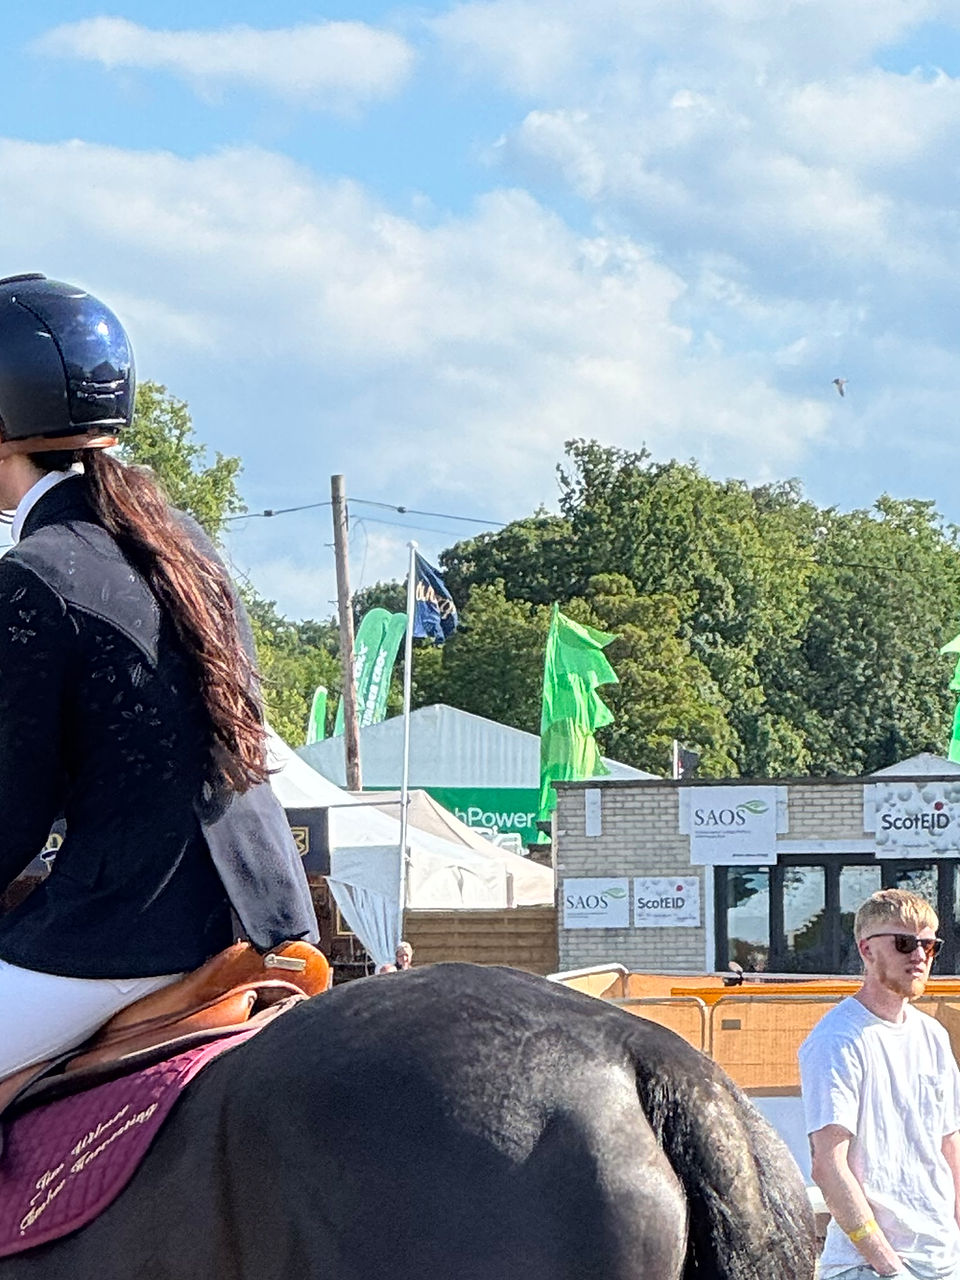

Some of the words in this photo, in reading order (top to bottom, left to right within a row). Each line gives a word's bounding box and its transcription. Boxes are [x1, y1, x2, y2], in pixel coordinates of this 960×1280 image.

[694, 808, 746, 827] SAOS
[881, 812, 950, 830] ScotEID
[566, 894, 609, 910] SAOS
[637, 896, 685, 910] ScotEID
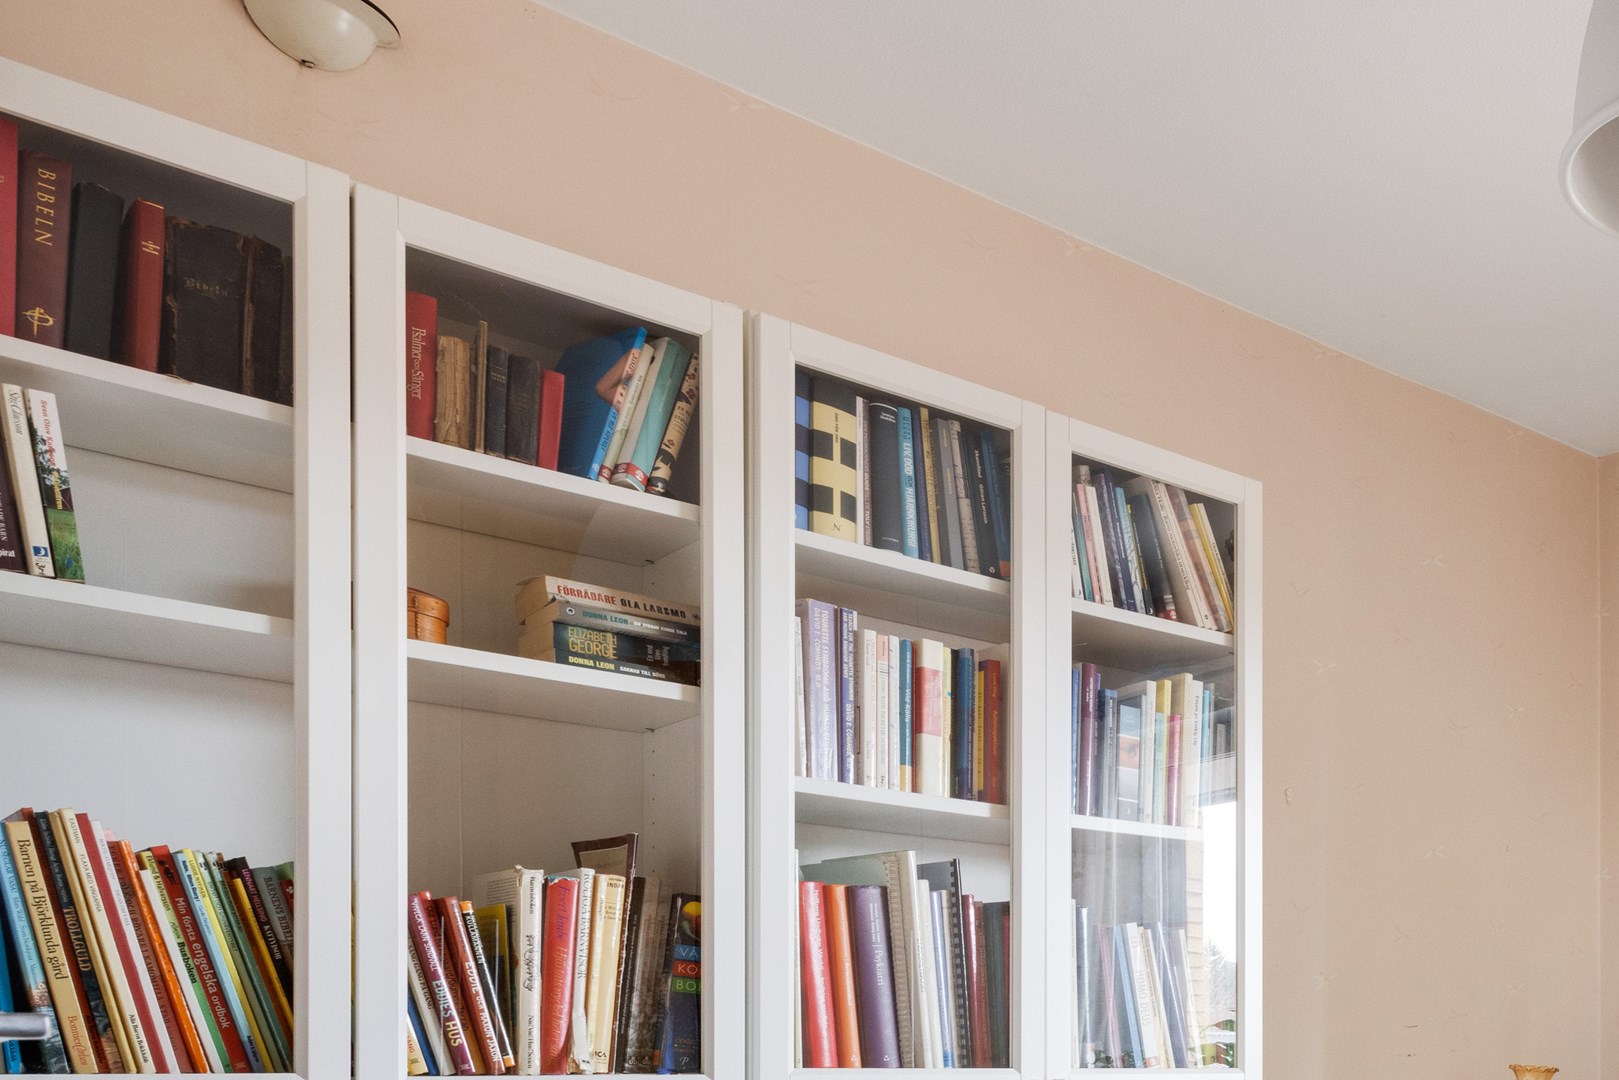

===============

Leave out the pictures and print every line of the data exactly.

# [Solution]
Some of the words in this photo, in reading order (top to bottom, left to right within a row). Each line gives a word's bounding box and its transcription. Boxes are [x1, y1, x2, y2], in pixel coordinates of this 960×1280 image.

[694, 808, 746, 827] SAOS
[881, 812, 950, 830] ScotEID
[566, 894, 609, 910] SAOS
[637, 896, 685, 910] ScotEID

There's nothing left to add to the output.